One Orca, two stories. A way forward?

Over the last few days, I saw two stories that really drove the message home to me that we are very likely to fail at saving the Southern Resident Killer Whales without new thinking, outside the box. And it’s really not a box, but about outside the silos. It’s not some dire story of good and bad guys. Just a reflection of what is our lack of being able to look at the big picture instead of silos of interests. One silo is the scientists along with the Tribes, the other is the sports fishing community and it’s state of Washington Fish and Wildlife people. My intent is not be critical of either side but to point out a gap that is likely going to doom efforts to support the Orca.

Over the last week, the Seattle Times and many other news outlets, covered the story of J50. J50 is the SRKW that is in poor health. Scientists and members of the Lummi Nation, are trailing around with the whales with live hatchery Chinook (King) salmon, the Orcas most favored food (though it prefers them wild from either the Frasier or Columbia river. This  is likely because, over thousands of years, these two river systems deposited the strongest and largest population of wild Chinook, every year like clockwork until white Europeans  arrived about 200 years ago, give or take 50 years. We all know what happened next. ) They are doing this because it is, to the best of our knowledge, that there is not enough Chinook salmon for the Orcas to survive. So they are bringing the salmon to the Orcas in order to see if they can nurse J50 back to health. A  noble and worthy effort.

So while the scientists and tribal members were doing their best to feed this wild animal,  another story caught my eye. The closing of salmon fishing for the summer by the State of Washington.

The Peninsula Daily News reported “Chinook Season Wraps Up”. The article stated:

SALTWATER CHINOOK FISHING has closed for the season for the bulk of the North Olympic Peninsula — while remaining open to hatchery Chinook retention off of La Push and south of Ayock Point in Hood Canal. The state estimated … chinook guideline estimates show that anglers caught 61.7 percent of the 4,900 kings allotted (3,023).

One thought is that if the Chinook fishing is still allowed out off LaPush, and the Orcas have gone there, it must be after the fish. So I’m left wondering, if we really wanted to save starving orcas, why on earth are we allowing recreational fishers to catch 3023 fish? As to the ocean limits, according to state F&W, the ocean recreational limits were:

 27,500 fish, which is 17,500 fewer fish than 2017’s quota of 45,000.

So this is approximately 30,000 chinook we are catching when the story of the day is that the Orcas can’t find these fish in the Salish Sea. And this is in addition to whatever the seals and sea lions  have been taking, The studies on seals and sea lions show that they eat primarily juvenile salmon, not as much the older ones! However the study concludes that the seals and sea lions are a problem.

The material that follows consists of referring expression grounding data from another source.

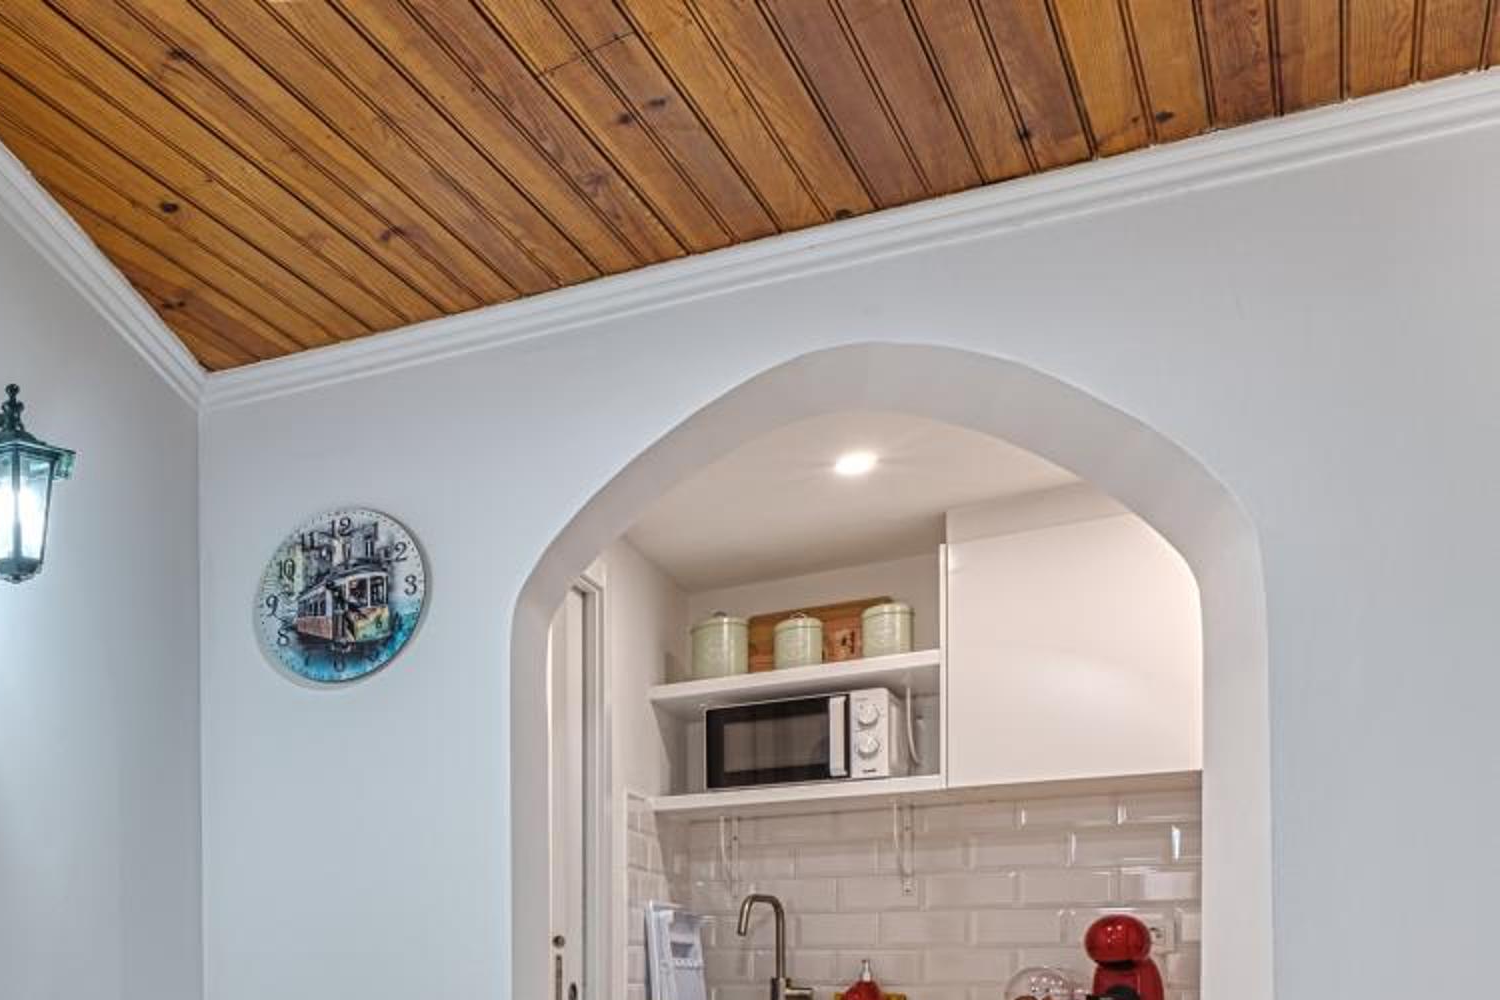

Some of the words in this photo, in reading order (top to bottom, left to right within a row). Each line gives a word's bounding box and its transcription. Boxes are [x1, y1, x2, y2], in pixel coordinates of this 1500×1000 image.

[330, 516, 352, 538] 12
[394, 541, 408, 562] 2
[404, 574, 418, 596] 3
[265, 595, 279, 618] 9
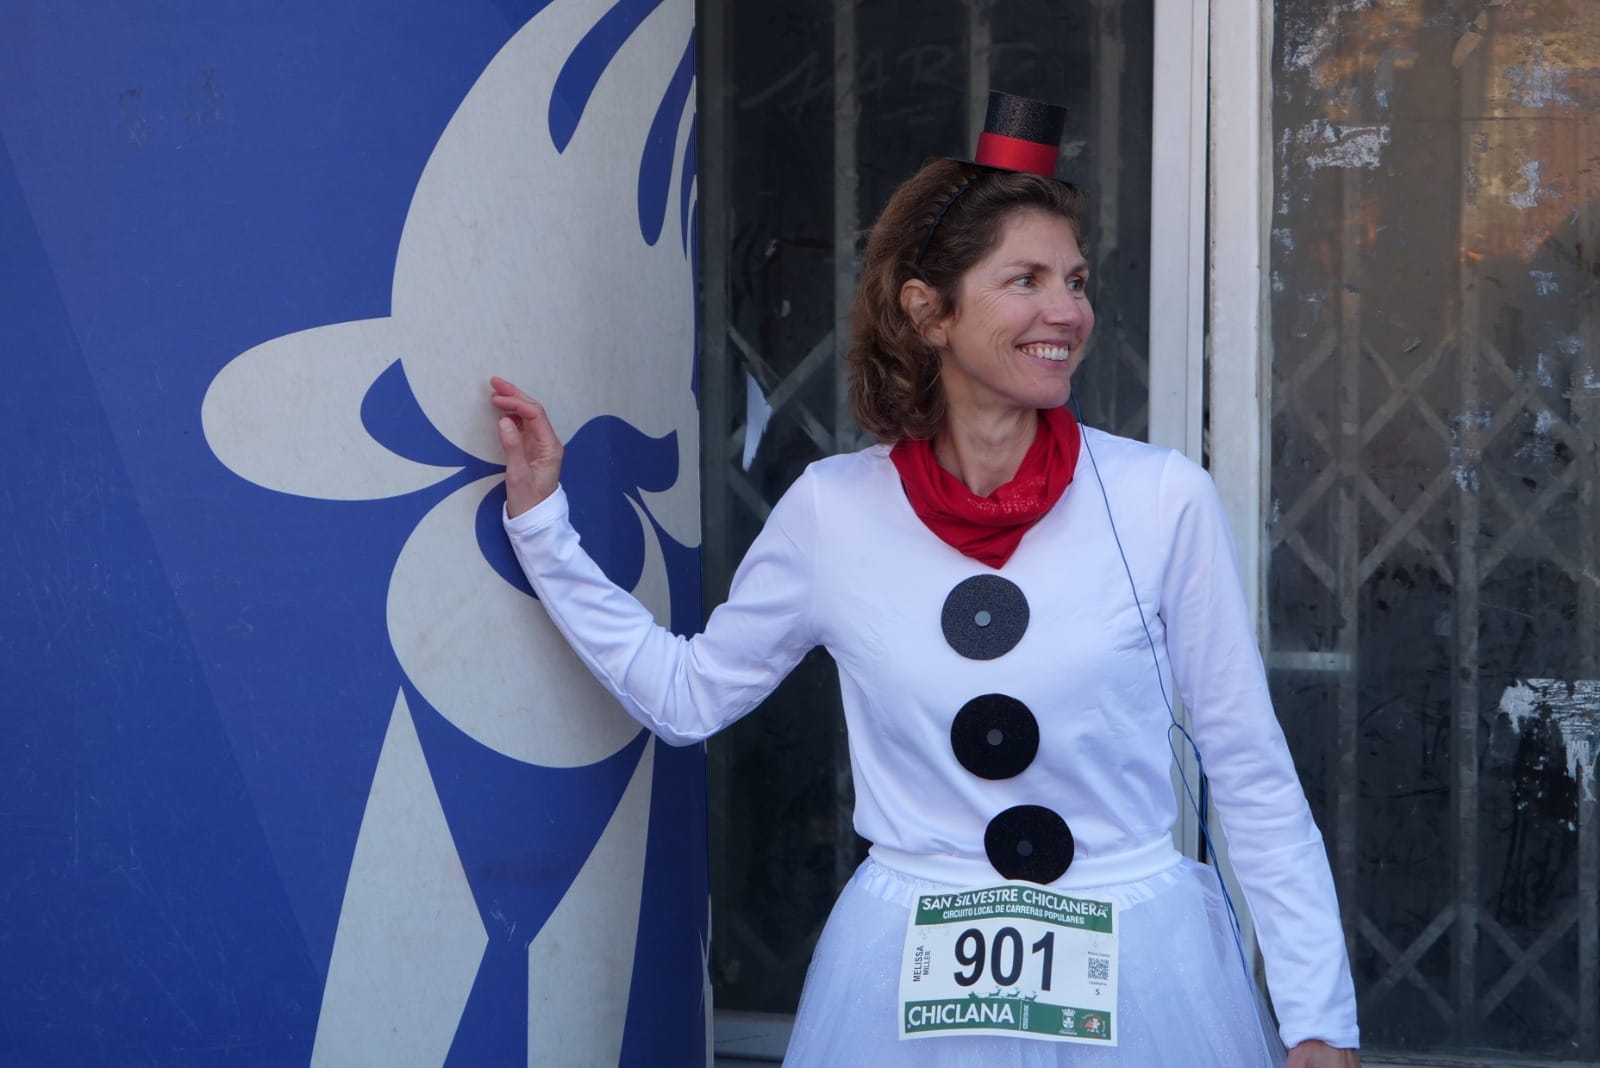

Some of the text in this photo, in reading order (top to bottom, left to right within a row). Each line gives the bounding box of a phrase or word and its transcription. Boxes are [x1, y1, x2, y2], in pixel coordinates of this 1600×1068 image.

See https://www.earthfix.info/news/article/puget-sound-orcas-salmon-sea-lions-seals-food-study/

and

https://www.nature.com/articles/s41598-017-14984-8

 

I have not seen the numbers of the commercial and tribal catch of chinook, but I’m sure it’s higher than 3023 fish.  The State F&W web site stated this spring:

In meeting conservation objectives for wild salmon, the co-managers are limiting fisheries in areas where southern resident killer whales are known to feed. The adjustments will aid in minimizing boat presence and noise, and decrease competition for chinook and other salmon in areas critical to the declining whales, said WDFW.

This seems to say that they state only wants to restrict fishing in the areas where we know the Orca feed. Well, according to what I’ve read, they travel all over the Sound to feed, which is why we see them off Seattle, Tacoma and many other locations. To restrict fishing to some area that they spend more time in seems to be an arbitrary idea of humans as so as to allow fishing to continue.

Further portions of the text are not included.